A British newspaper published a letter to the editor about Brexit that it thought readers would know was ironic. But since it wasn’t labeled satire, a reader complained that the letter, published in the Evesham Journal, contained several errors.
Because of that confusion, the Evesham Journal published an editor’s note to inform readers the February 7 letter contained wrong claims and that the newspaper thought it was a tongue-in-cheek letter.
For example, the letter claimed the EU would be creating a National Service (a draft) and that “Brussels will plan it all.” The reader pointed out there wasn’t any evidence for these claims, and said he wasn’t sure if the letter was satire or factual.
In response, IPSO reported the Journal determined that the letter was satirical. IPSO reported “[the Evesham Journal] said that the claims were plainly outlandish and unrealistic, and thus it was inappropriate to treat them as points of fact.”
The Journal’s Michael Purton told iMediaEthics by e-mail, “We didn’t feel it was necessary to flag up that the letter was satirical because the claims were so far-fetched.”
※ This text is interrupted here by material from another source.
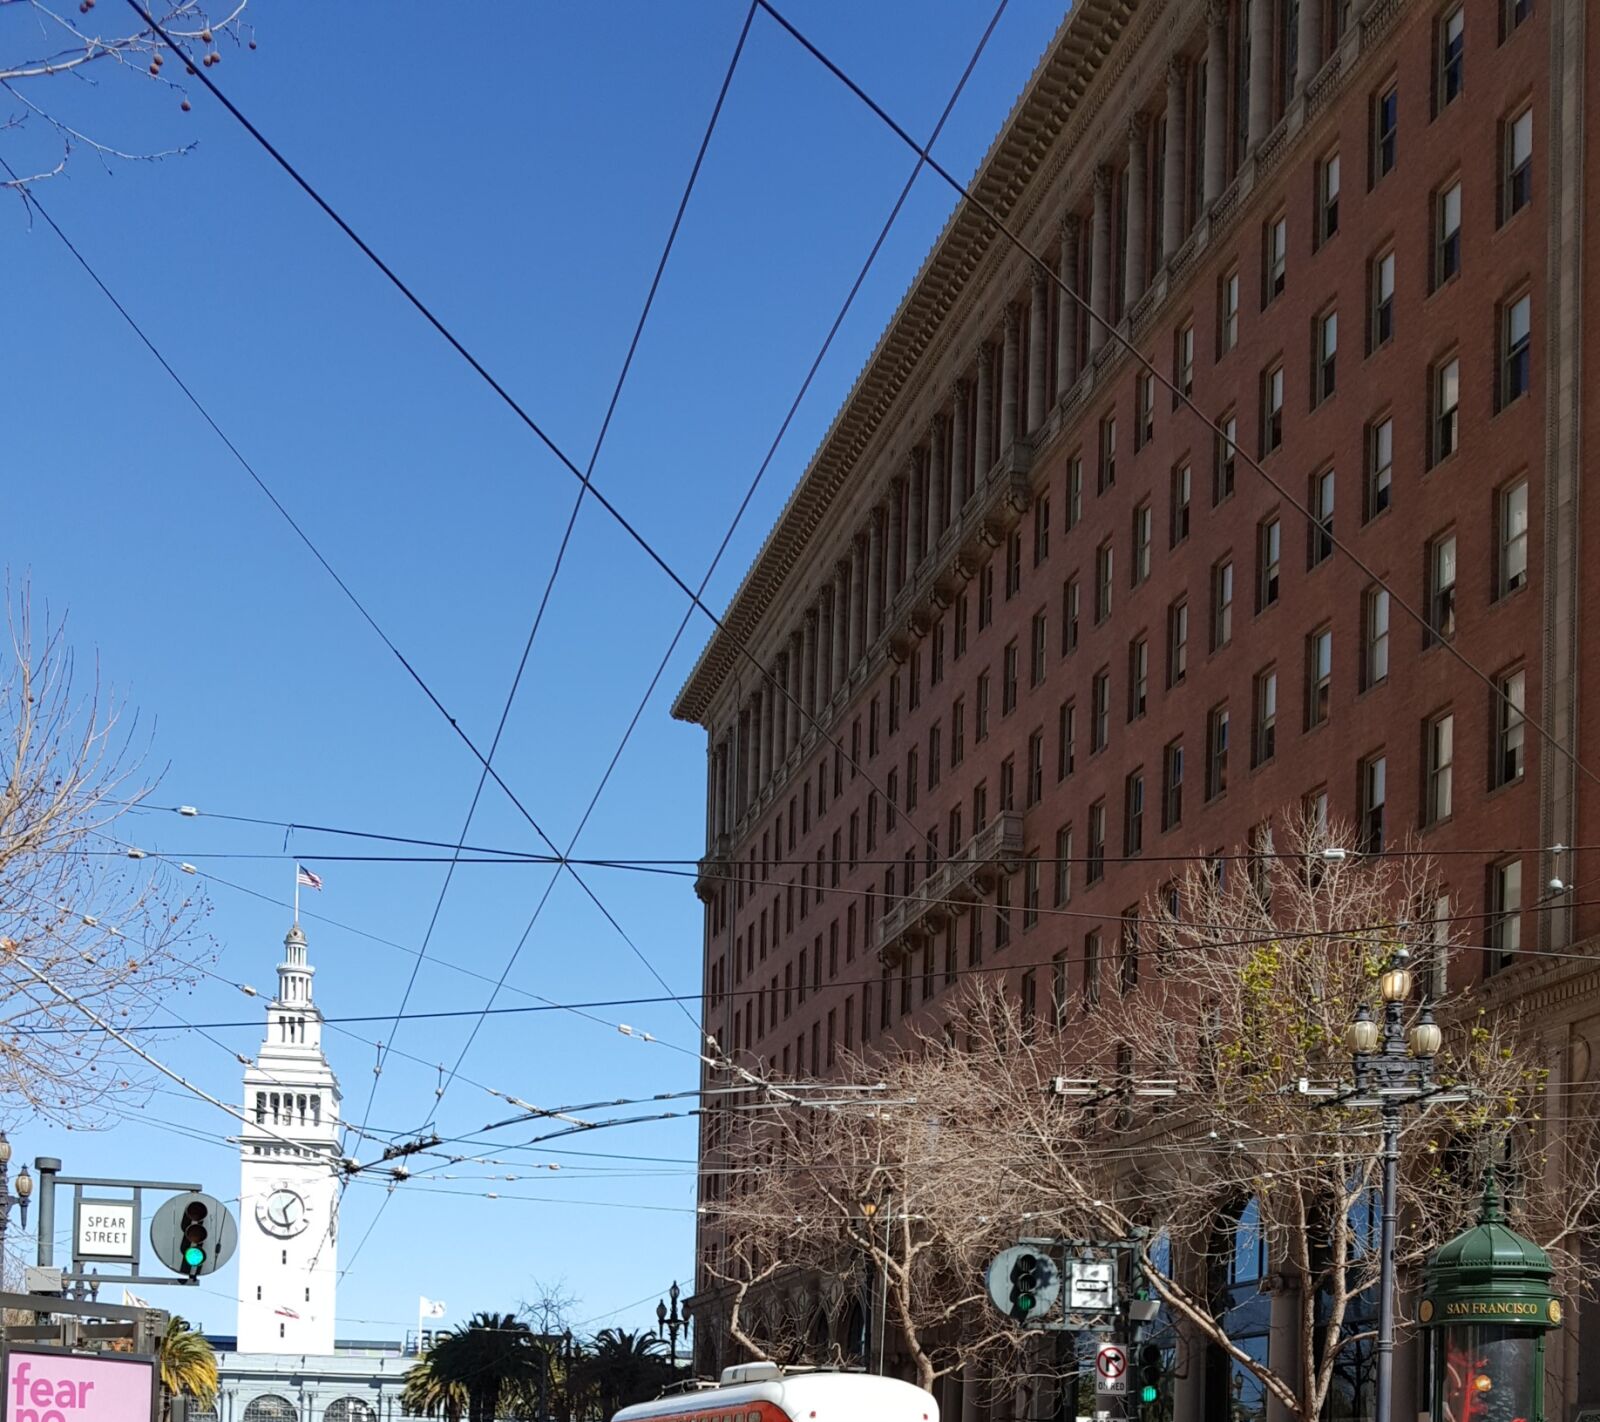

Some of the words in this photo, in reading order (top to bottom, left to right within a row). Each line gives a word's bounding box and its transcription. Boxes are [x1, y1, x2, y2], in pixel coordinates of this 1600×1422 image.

Because of the complaint, the Journal published an editor’s note to readers that read:
“EDITOR’S NOTE: The letter by Stanley Parr from Pershore titled ‘Not all gloomy’ and published in the Journal on February 7 contained a number of false claims about EU plans for all member states. We believed this letter to be written with a sense of irony and assumed our readers would understand that the false claims were made with tongue firmly in cheek, however, following a reader’s complaint about those assertions, we would like to make it clear that they are indeed not true.”